Published online by Cambridge University Press:  09 September 2021

Jonathan Durand Folco
Affiliation:
Université Saint-Paul
Emanuel Guay
Affiliation:
Université du Québec à Montréal ([email protected])
Rights & Permissions [Opens in a new window]

Abstract

Type
Book Review/Recension
Copyright
Copyright © The Author(s), 2021. Published by Cambridge University Press on behalf of the Canadian Political Science Association (l’Association canadienne de science politique) and/et la Société québécoise de science politique

Dans cet ouvrage court et percutant, le philosophe et sociologue Geoffroy de Lagasnerie propose de nombreuses pistes de réflexion sur les mouvements de gauche et le changement social, en prenant comme point de départ la question suivante : « À quelles conditions la politique progressiste peut-elle à nouveau prendre la forme d'une action efficace ? » (10).
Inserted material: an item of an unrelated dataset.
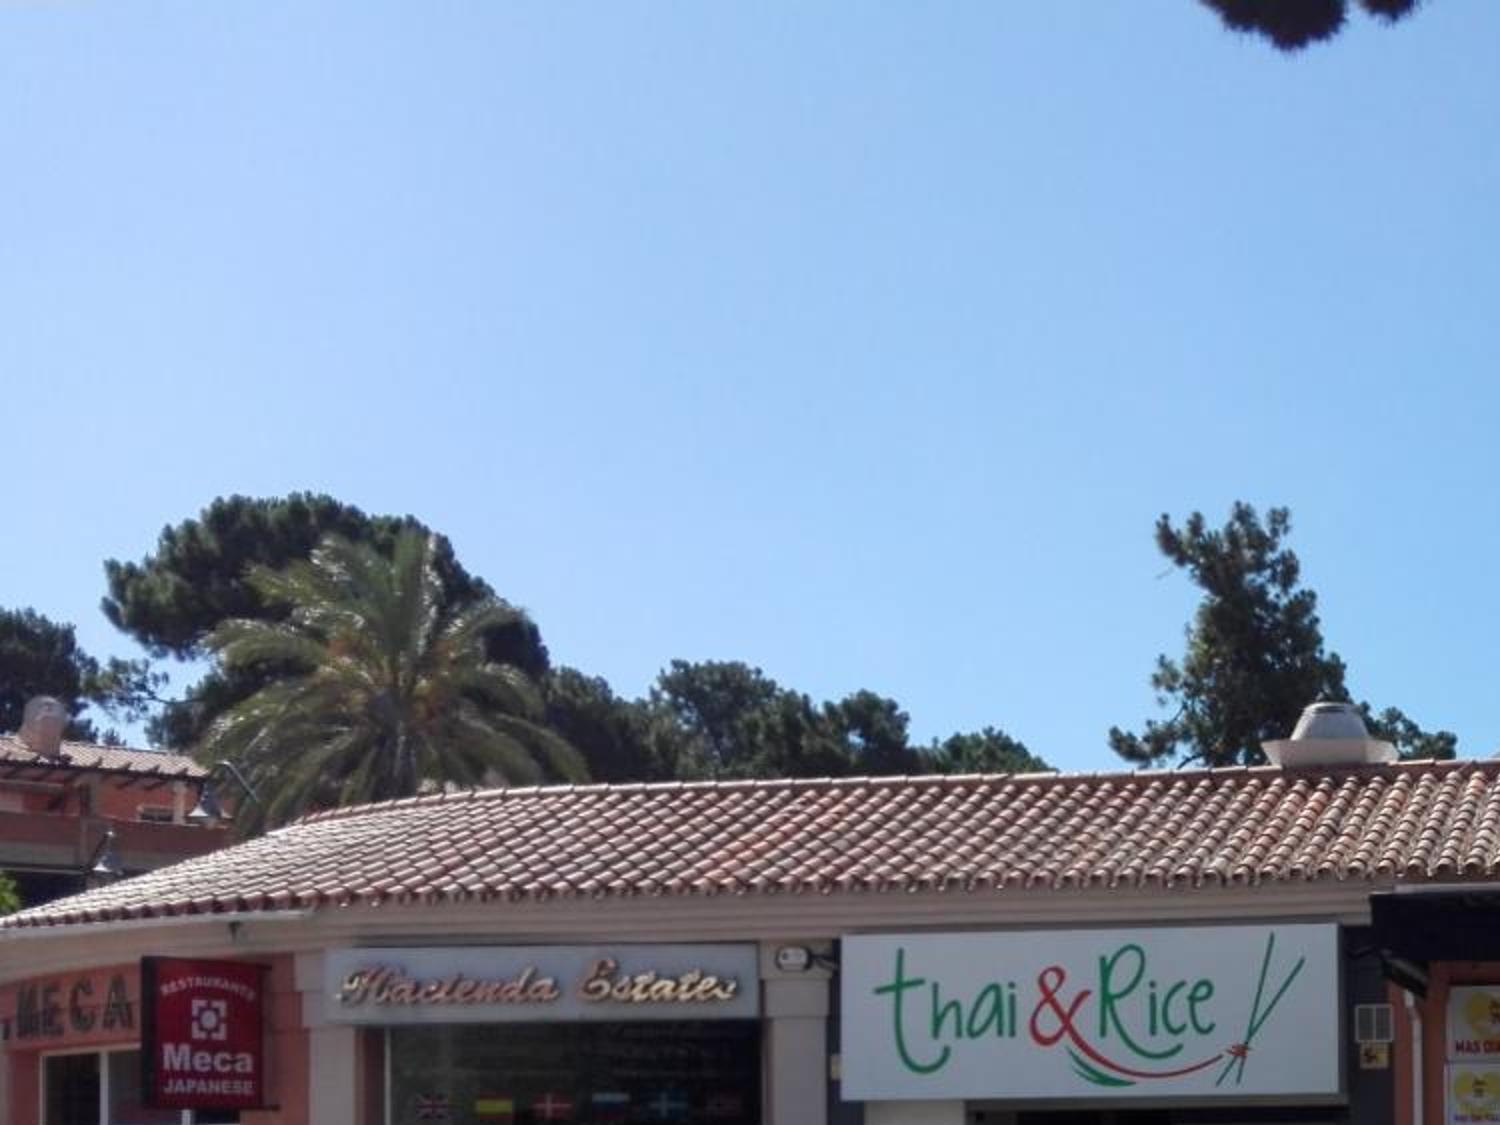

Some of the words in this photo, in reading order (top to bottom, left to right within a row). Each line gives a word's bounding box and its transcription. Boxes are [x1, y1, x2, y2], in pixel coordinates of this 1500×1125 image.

Lagasnerie souligne entre autres la nécessité d'un « moment utilitariste » centré sur les possibilités concrètes de réussite des actions et des stratégies militantes, ce qui suppose de « construire un autre imaginaire de la lutte et de nos façons de nous mettre en mouvement » (9).

En s'inspirant des travaux du philosophe Günther Anders, l'auteur soutient d'abord que les formes de contestation « joyeuses », comme les manifestations, et « autosacrificielles », comme les grèves de la faim, sont insuffisantes pour mener à des transformations sociales concrètes. Il invite alors à élaborer une manière d'agir politiquement qui « ne doit consister ni à faire la fête, ni à nous mettre en danger, ni à nous faire souffrir nous-mêmes. Agir veut dire : faire souffrir celles et ceux qui nous font souffrir. C'est la seule façon de les faire céder » (18). Une telle capacité d'action politique repose sur le développement par les mouvements de gauche d'une temporalité autonome, qui ne se limite pas à réagir de manière défensive aux décisions prises par l’État (20–21). Elle implique aussi de ne pas s'adresser en priorité aux dominants, en misant plutôt sur des interventions dans les lieux de parole et d'apparition publique qui peuvent rapprocher les forces progressistes des personnes les plus susceptibles de soutenir leurs revendications (29–31).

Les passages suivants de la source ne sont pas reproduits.